### RECORDS TO USE
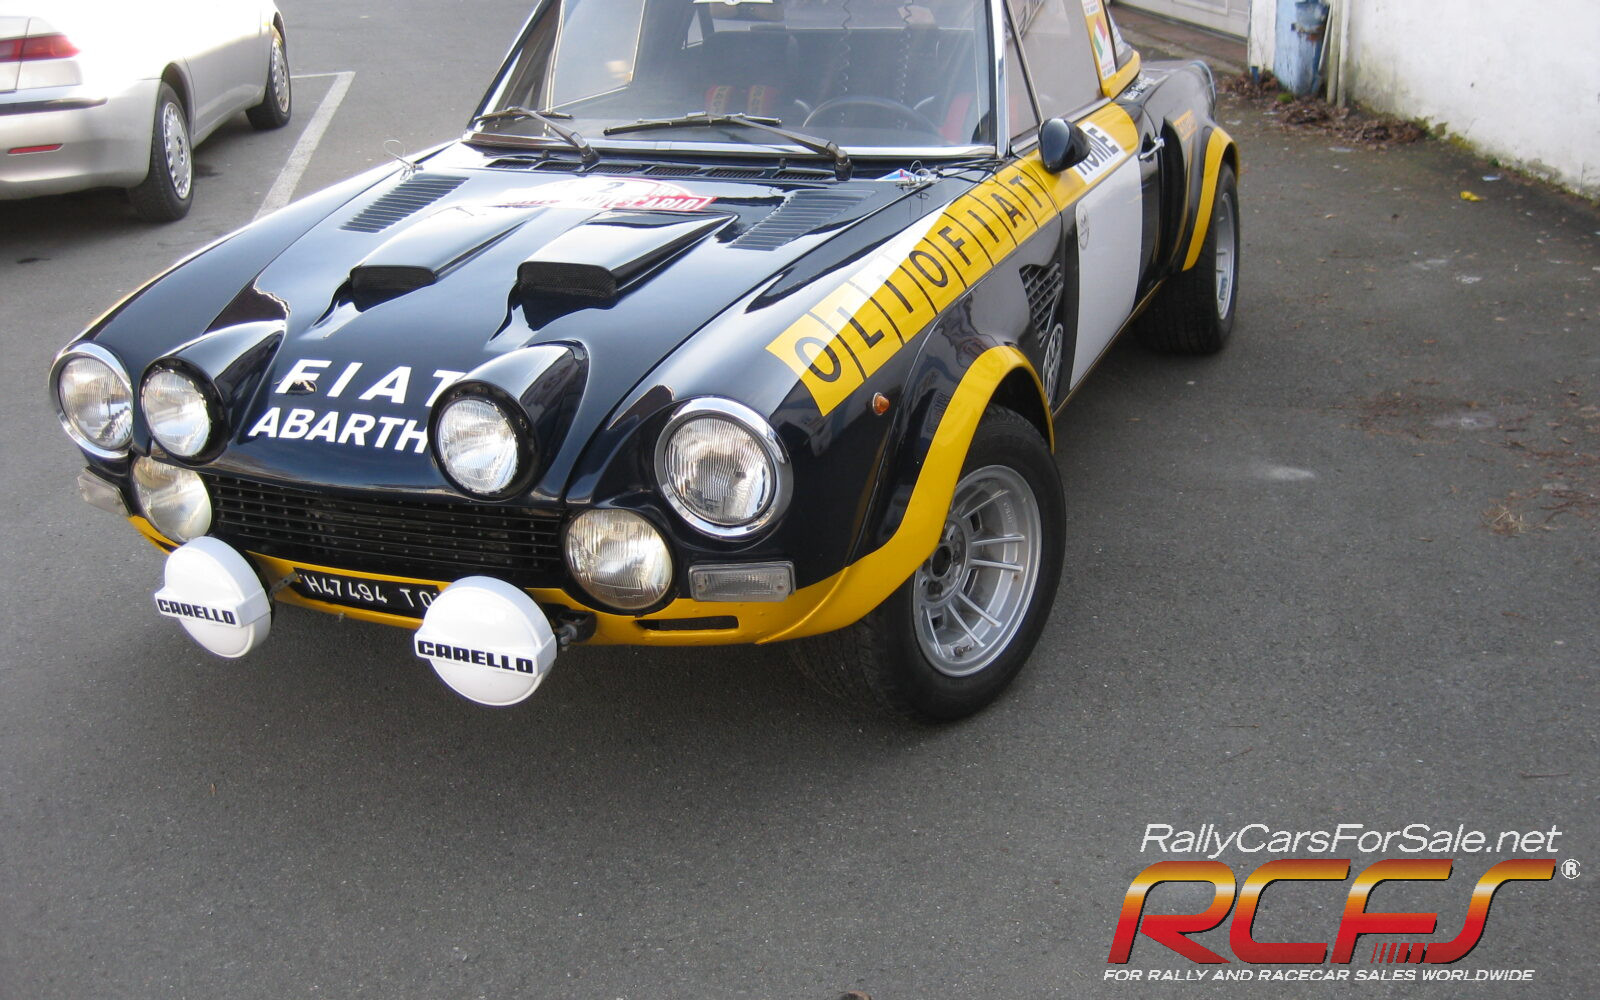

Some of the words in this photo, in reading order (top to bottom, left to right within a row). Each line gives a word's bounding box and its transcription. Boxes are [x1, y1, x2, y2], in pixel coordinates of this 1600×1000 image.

[275, 358, 467, 408] FIAT
[247, 406, 428, 454] ABARTH
[157, 598, 237, 625] CARELLO
[418, 640, 534, 674] CARELLO
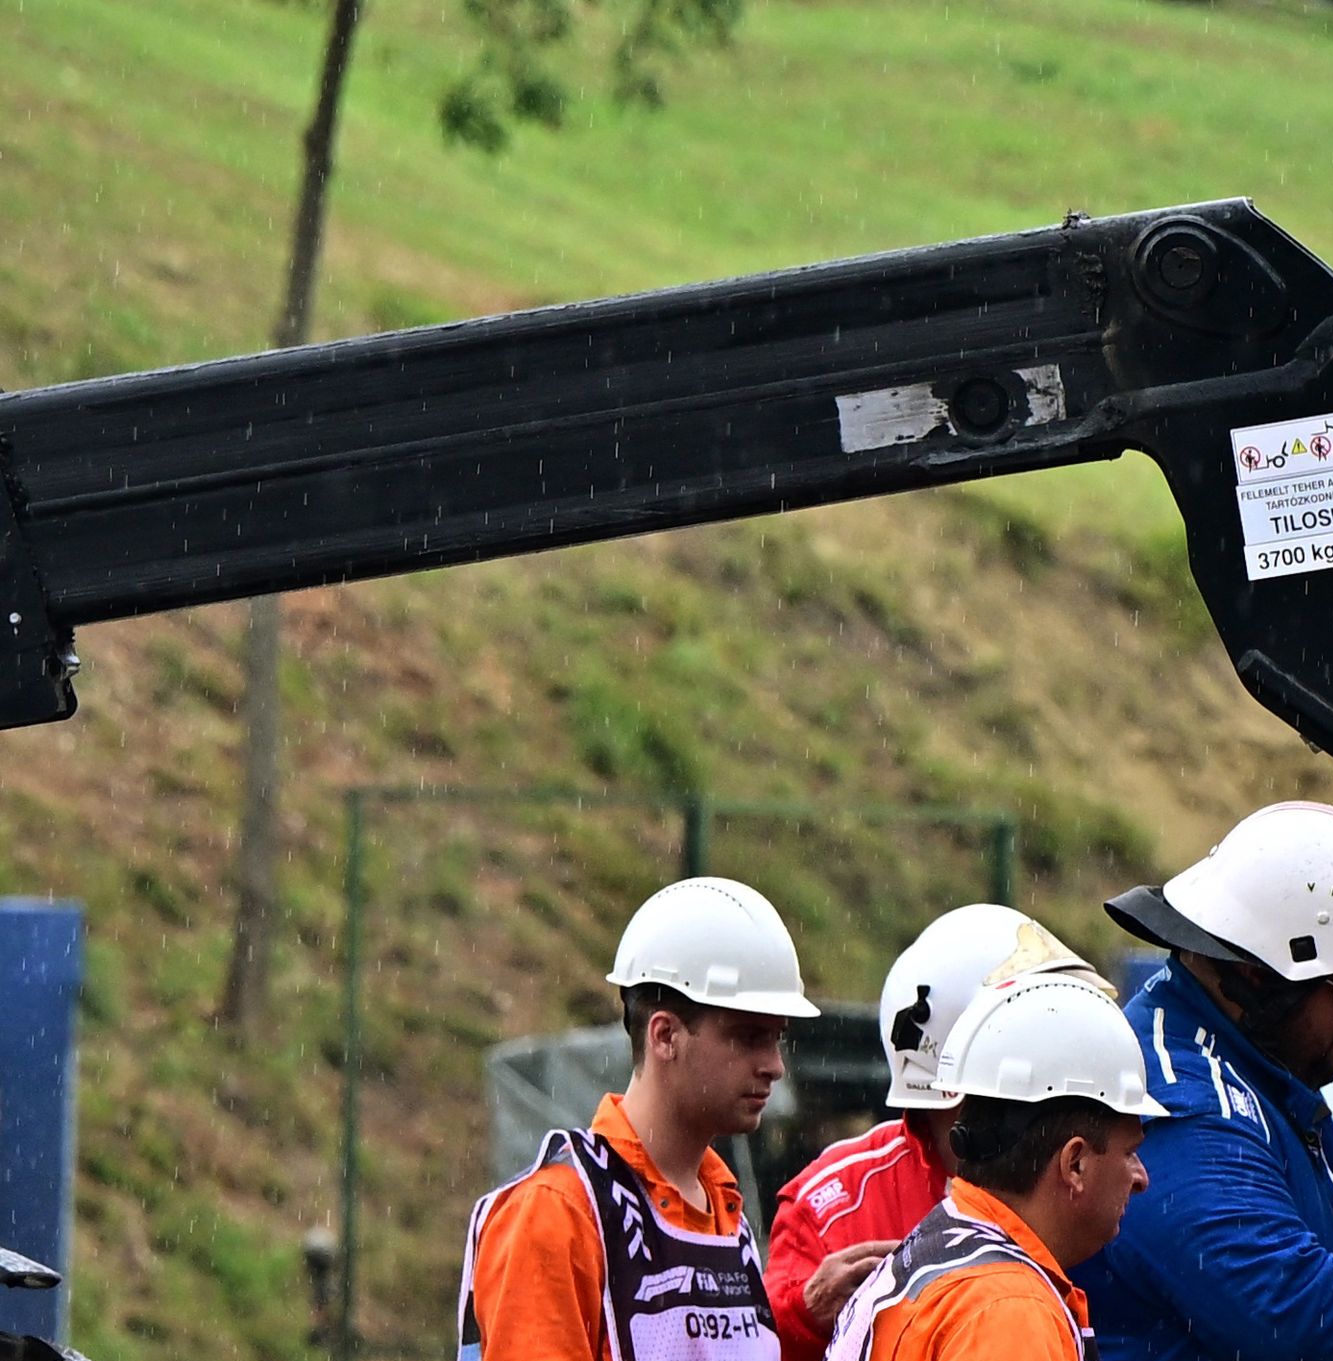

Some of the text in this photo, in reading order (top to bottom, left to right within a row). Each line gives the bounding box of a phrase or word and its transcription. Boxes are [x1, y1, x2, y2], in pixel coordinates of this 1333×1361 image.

[1240, 485, 1290, 501] FELEMELT
[1293, 479, 1325, 493] TEHER
[1258, 546, 1306, 570] 3700
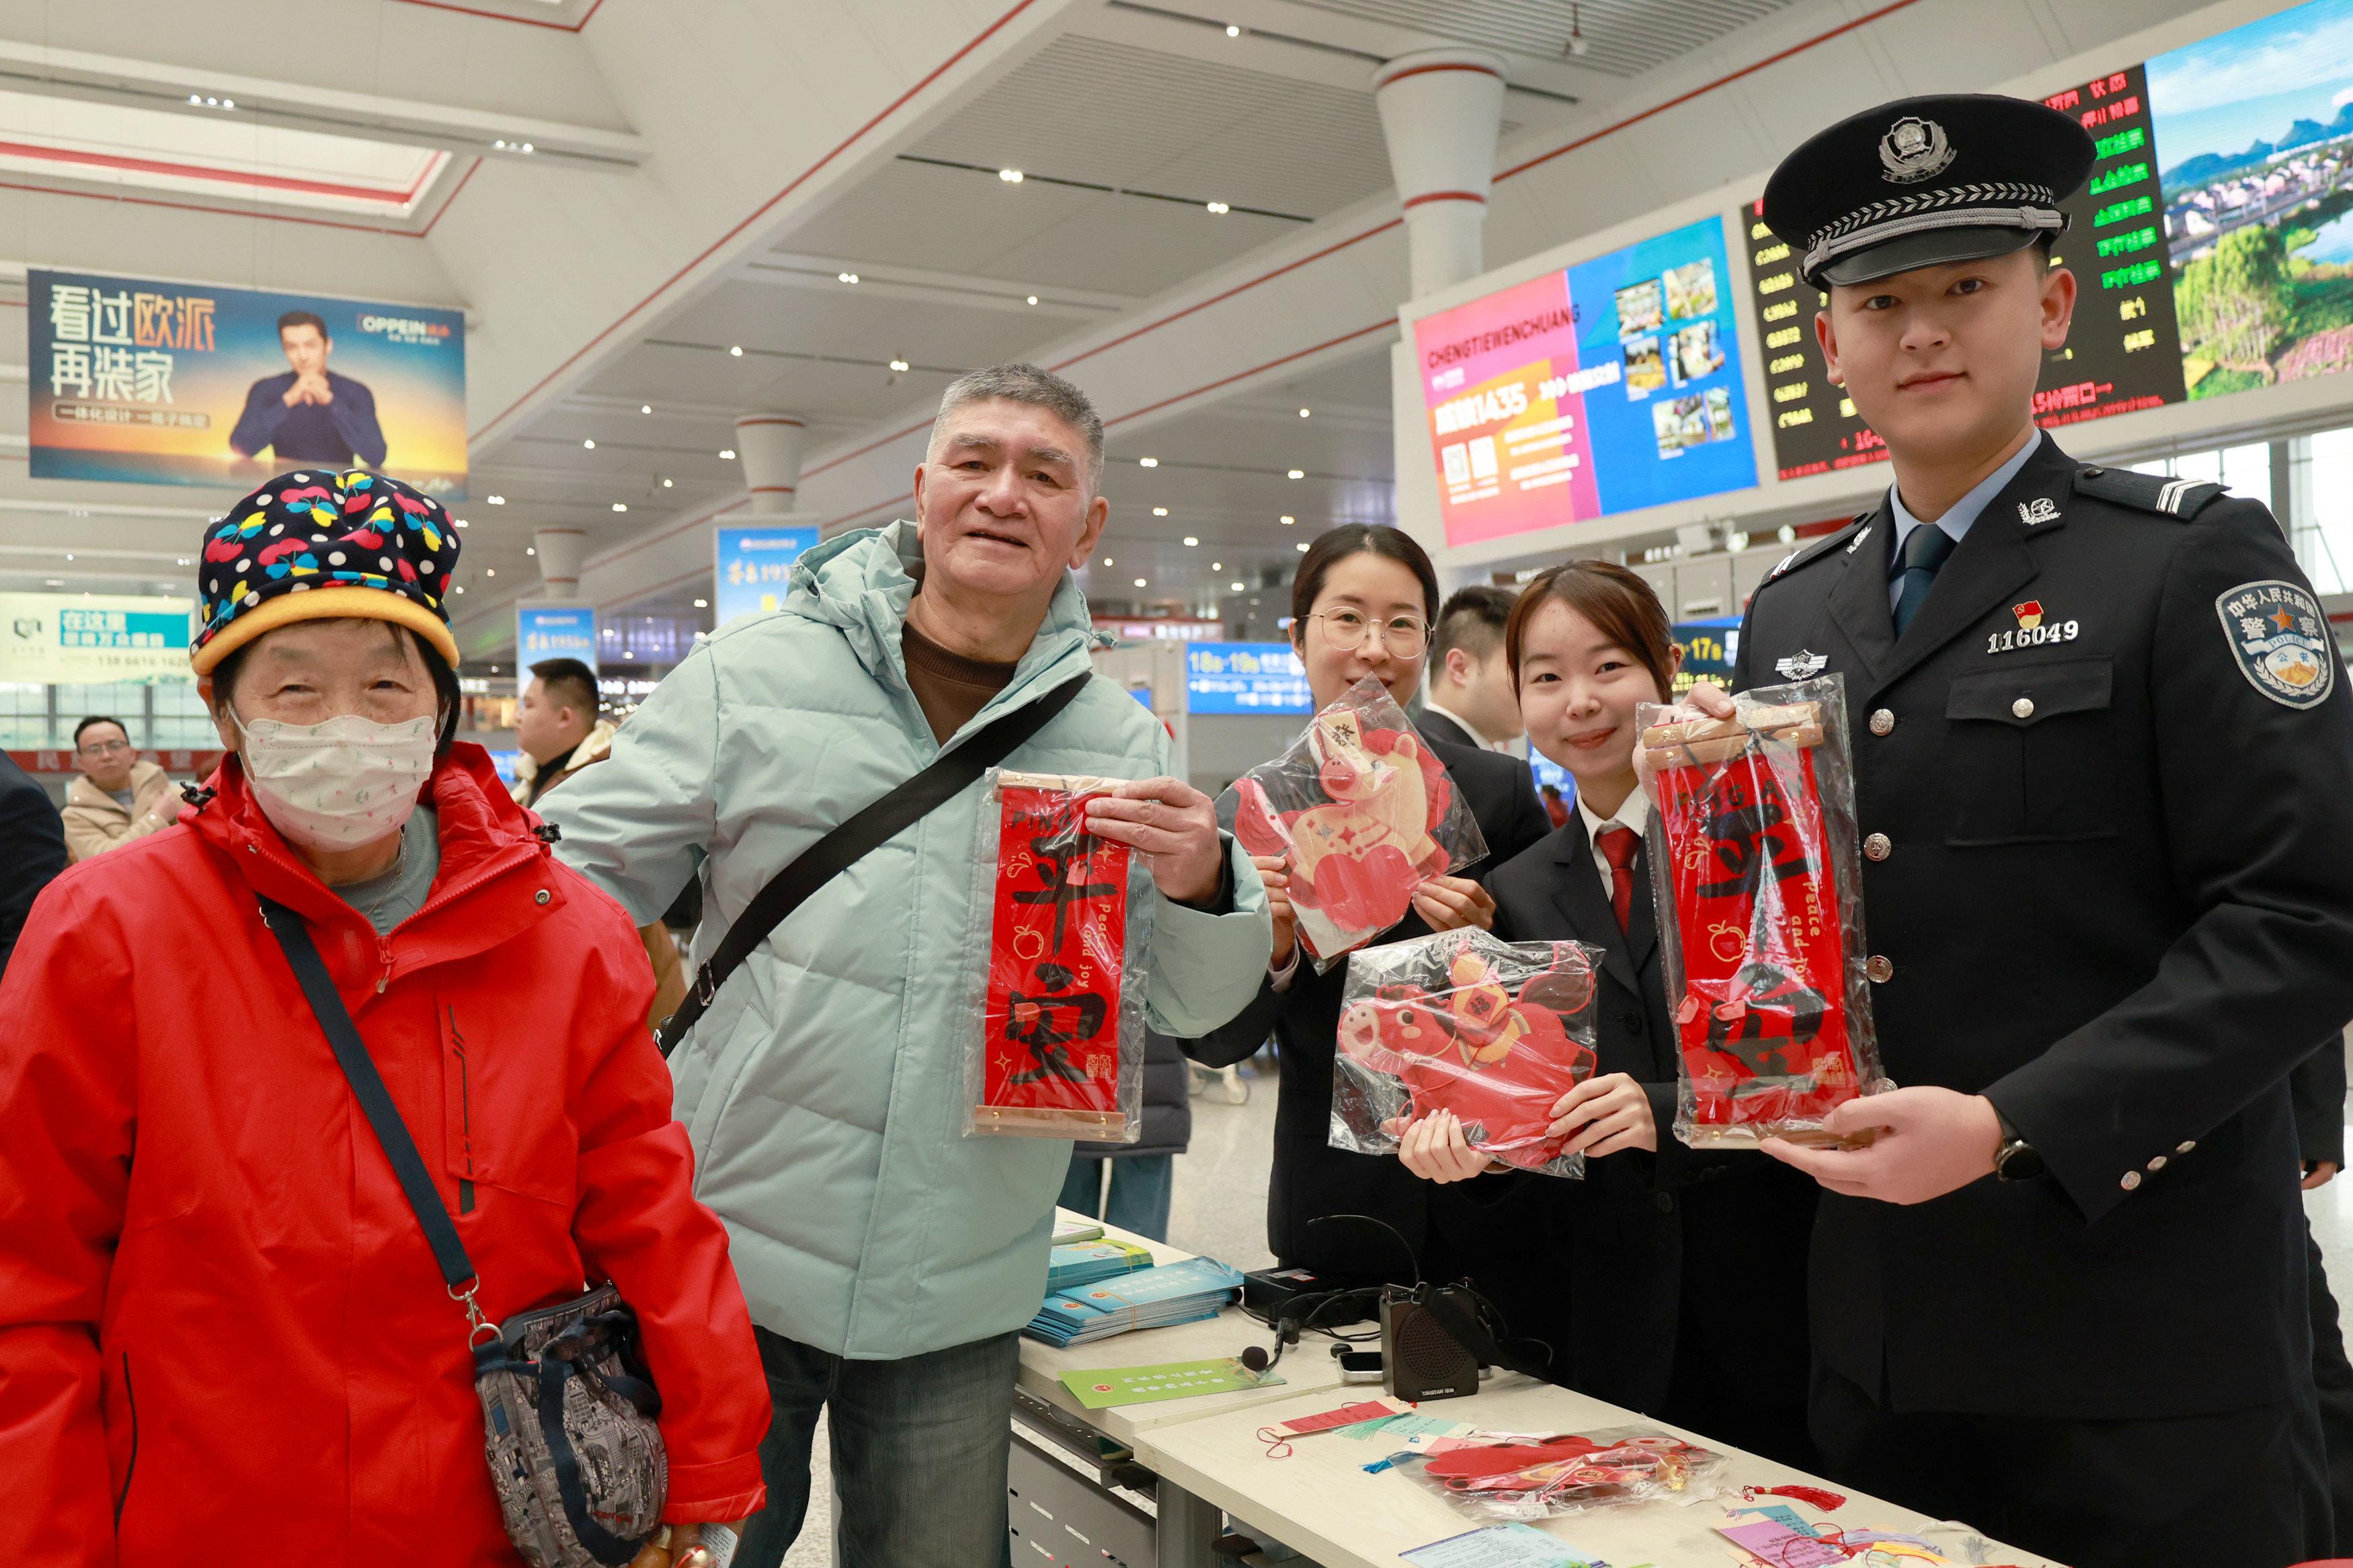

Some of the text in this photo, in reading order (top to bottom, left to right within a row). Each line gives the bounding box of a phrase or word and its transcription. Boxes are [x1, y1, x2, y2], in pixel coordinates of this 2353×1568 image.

### YOUR OBJECTIVE
Quote each entry above verbatim and drop the pictures.

### EXERCISE SOLUTION
Some of the words in this photo, in reading order (top to bottom, left to right within a row). Each line gives a word's bounding box and its transcription. Boxes are [x1, y1, x2, y2], in pixel coordinates of this 1600×1000 image.

[275, 358, 467, 408] FIAT
[247, 406, 428, 454] ABARTH
[157, 598, 237, 625] CARELLO
[418, 640, 534, 674] CARELLO

Some of the text in this photo, in reading order (top to bottom, left to right within a row). Each line gives the bounding box of a phrase or word and its transcription. Boxes are [x1, y1, x2, y2], in pixel coordinates of this 1333×1361 image.

[1240, 485, 1290, 501] FELEMELT
[1293, 479, 1325, 493] TEHER
[1258, 546, 1306, 570] 3700

Some of the text in this photo, in reading order (top to bottom, left to right within a row). Each line gives the bounding box of a phrase or word and its transcription. Boxes are [x1, y1, x2, y2], in pixel coordinates of this 2353×1568 image.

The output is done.